In return for their massive political contributions, America’s wealthiest have received a system of government that caters to their every whim and wish. If a political donor calls a member of Congress, their offices are three to four times more likely to make room in their schedule than they are with their regular constituents. Consequently, public policy outcomes have come to largely reflect the interests of the wealthy and well-connected.
People constantly talk about the need to safeguard and strengthen our democracy, especially since the January 6 Capitol attack. But if we are not able to constrain exploding inequality, there won’t be a democracy left to protect. We’re speed-racing toward an oligarchy, where a handful of spectacularly wealthy people call all the shots. We need significant reform to our campaign finance system, but that’s not enough — the sheer size of the fortunes of some of America’s richest people are themselves destabilizing.
This threat calls for direct action from our government, which is why we need the Oppose Limitless Inequality Growth and Reverse Community Harms (OLIGARCH) Act. Our tax code can and should play an important role in reining in runaway wealth. Strong progressive tax codes have coincided with periods of both thriving middle-class growth and lower levels of inequality.

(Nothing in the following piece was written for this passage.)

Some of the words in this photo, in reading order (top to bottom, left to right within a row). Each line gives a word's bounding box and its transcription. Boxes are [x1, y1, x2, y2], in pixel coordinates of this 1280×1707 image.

For example, in 1978, when wealth inequality was at its lowest point in modern American history — the top 1% held less than 25% of the nation’s wealth — the federal income tax and estate tax both had top marginal rates of 70%. Today, however, the top 1% holds almost a third of the nation’s wealth, while the top marginal rates for the federal income tax and estate tax have dropped to 37% and 40%, respectively.
The OLIGARCH Act aims to right America’s economic ship through the introduction of an annual wealth tax, with a progressive rate structure that waxes and wanes depending on how much we build up the median American’s household wealth. The tax will only impact those who have at least 1,000 times the median household wealth in this country (currently people with more than $120 million in household wealth). It will levy a 2% tax on wealth between 1,000 and 10,000 times the median; a 4% tax on wealth between 10,000 and 100,000 times the median; a 6% tax on wealth between 100,000 and 1,000,000 times the median; and finally an 8% tax on wealth over 1,000,000 times the median.

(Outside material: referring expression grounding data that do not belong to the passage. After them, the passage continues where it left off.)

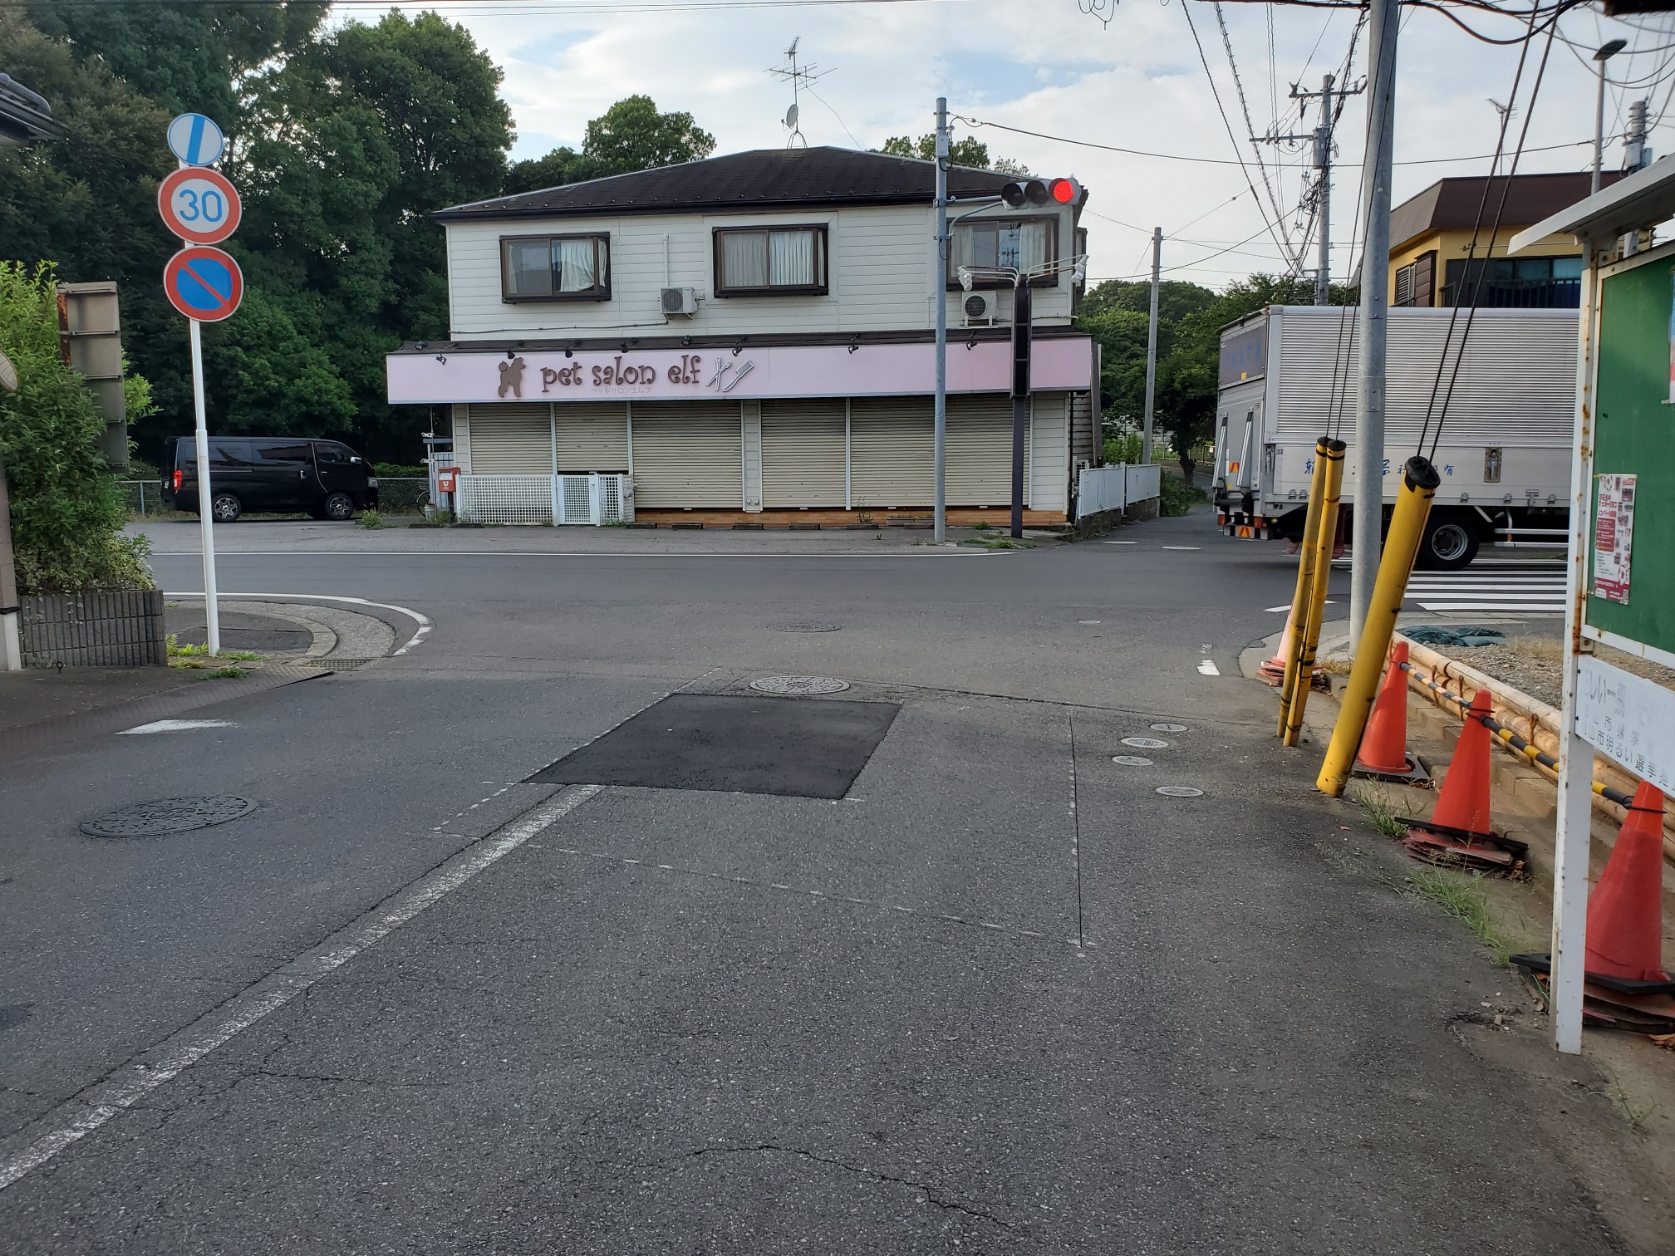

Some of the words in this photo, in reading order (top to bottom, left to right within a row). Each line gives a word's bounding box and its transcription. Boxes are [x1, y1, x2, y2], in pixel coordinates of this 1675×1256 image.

[179, 189, 223, 223] 30
[540, 361, 583, 392] pet
[591, 355, 656, 387] salon
[667, 354, 702, 385] elf
[591, 386, 652, 394] ペットサロンエルフ

Despite what our critics say, we have no interest in punishing the wealthy for hard work or ingenuity. We are also not trying to encourage them to take their fortunes and leave the country. In fact, there is no evidence to support the idea of “millionaire tax flight.” On the contrary, billionaires’ wealth is so extreme that taxes are an afterthought — if even a thought at all — when they’re deciding where to live.

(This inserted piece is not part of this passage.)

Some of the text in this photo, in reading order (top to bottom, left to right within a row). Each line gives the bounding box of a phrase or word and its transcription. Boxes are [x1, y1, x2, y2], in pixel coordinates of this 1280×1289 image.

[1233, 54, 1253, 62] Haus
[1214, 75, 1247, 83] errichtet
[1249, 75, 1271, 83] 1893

In the end, there simply comes a point where obscene wealth endangers our economy and democracy. Our wealth tax aims to tackle this threat. If we allow inequality to grow to the point where a small handful of individuals hold oversized political influence in this country, the nearly 250-year-old American experiment will crumble.
The late Supreme Court Justice Louis D. Brandeis once said, “We must make our choice. We may have democracy, or we may have wealth concentrated in the hands of a few, but we cannot have both.” For the past few decades, America has chosen extreme wealth concentration. The time has come for us to choose democracy again, pass the OLIGARCH Act and take a first step in taming inequality.